## What is needed
Restate all entries exactly. Skip the images.
┄┄┄┄┄┄┄┄┄┄┄┄┄┄┄┄┄┄┄┄
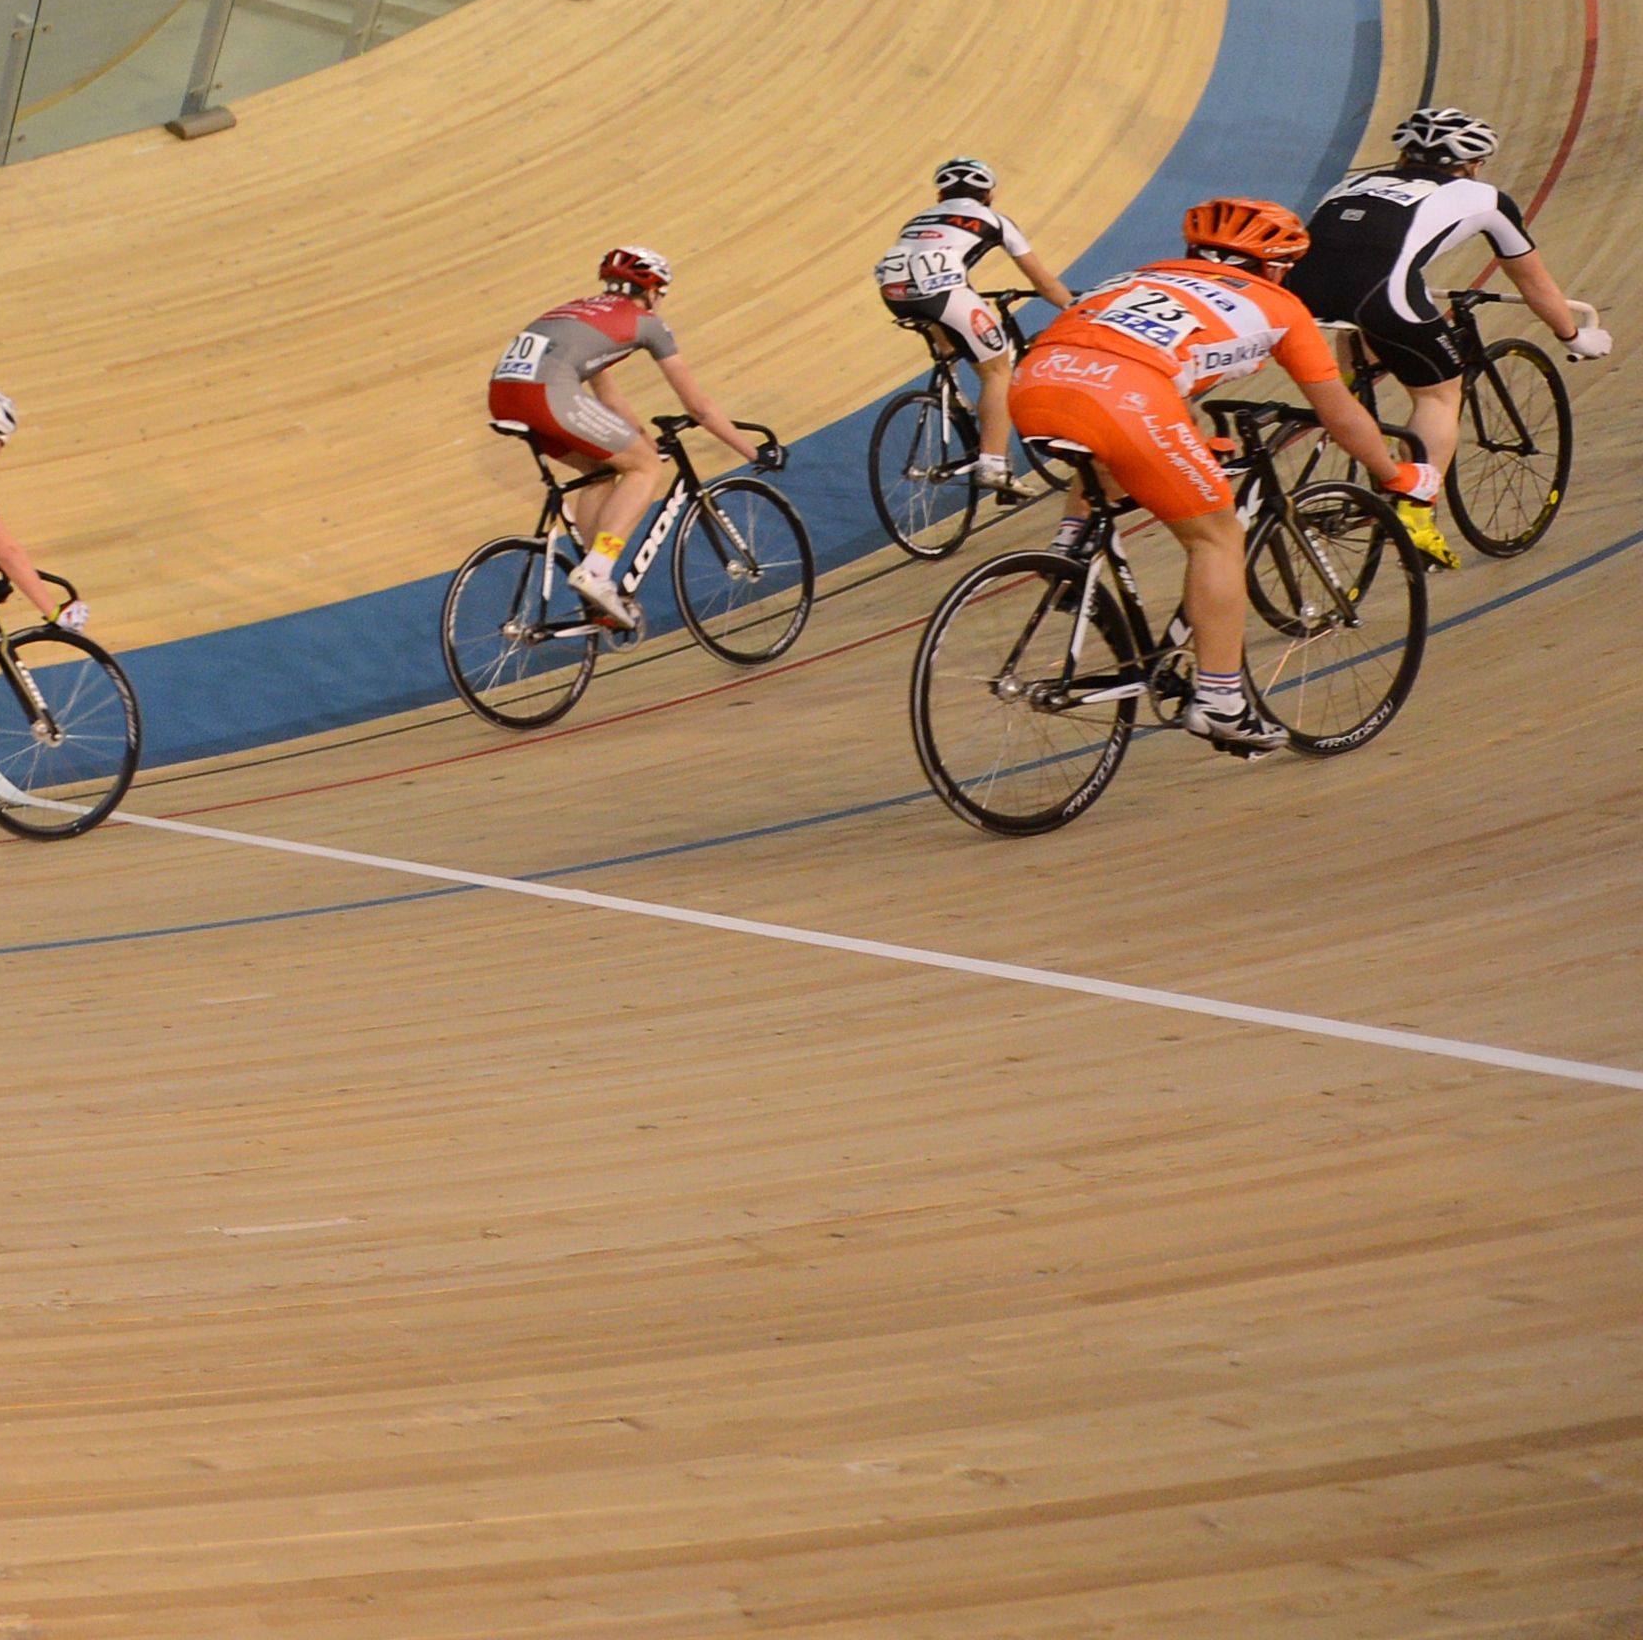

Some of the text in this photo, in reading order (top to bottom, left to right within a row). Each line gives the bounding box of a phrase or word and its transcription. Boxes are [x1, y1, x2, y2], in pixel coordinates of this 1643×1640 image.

[918, 251, 952, 276] 12
[1128, 291, 1192, 323] 23
[506, 335, 535, 360] 20
[1204, 340, 1270, 370] Dalkia
[621, 478, 689, 594] LOOK
┄┄┄┄┄┄┄┄┄┄┄┄┄┄┄┄┄┄┄┄
## Written answer
Some of the text in this photo, in reading order (top to bottom, left to right within a row). Each line gives the bounding box of a phrase or word and its transcription. Boxes are [x1, y1, x2, y2], in pixel coordinates of this 1643×1640 image.

[918, 251, 952, 276] 12
[1128, 291, 1192, 323] 23
[506, 335, 535, 360] 20
[1204, 340, 1270, 370] Dalkia
[621, 478, 689, 594] LOOK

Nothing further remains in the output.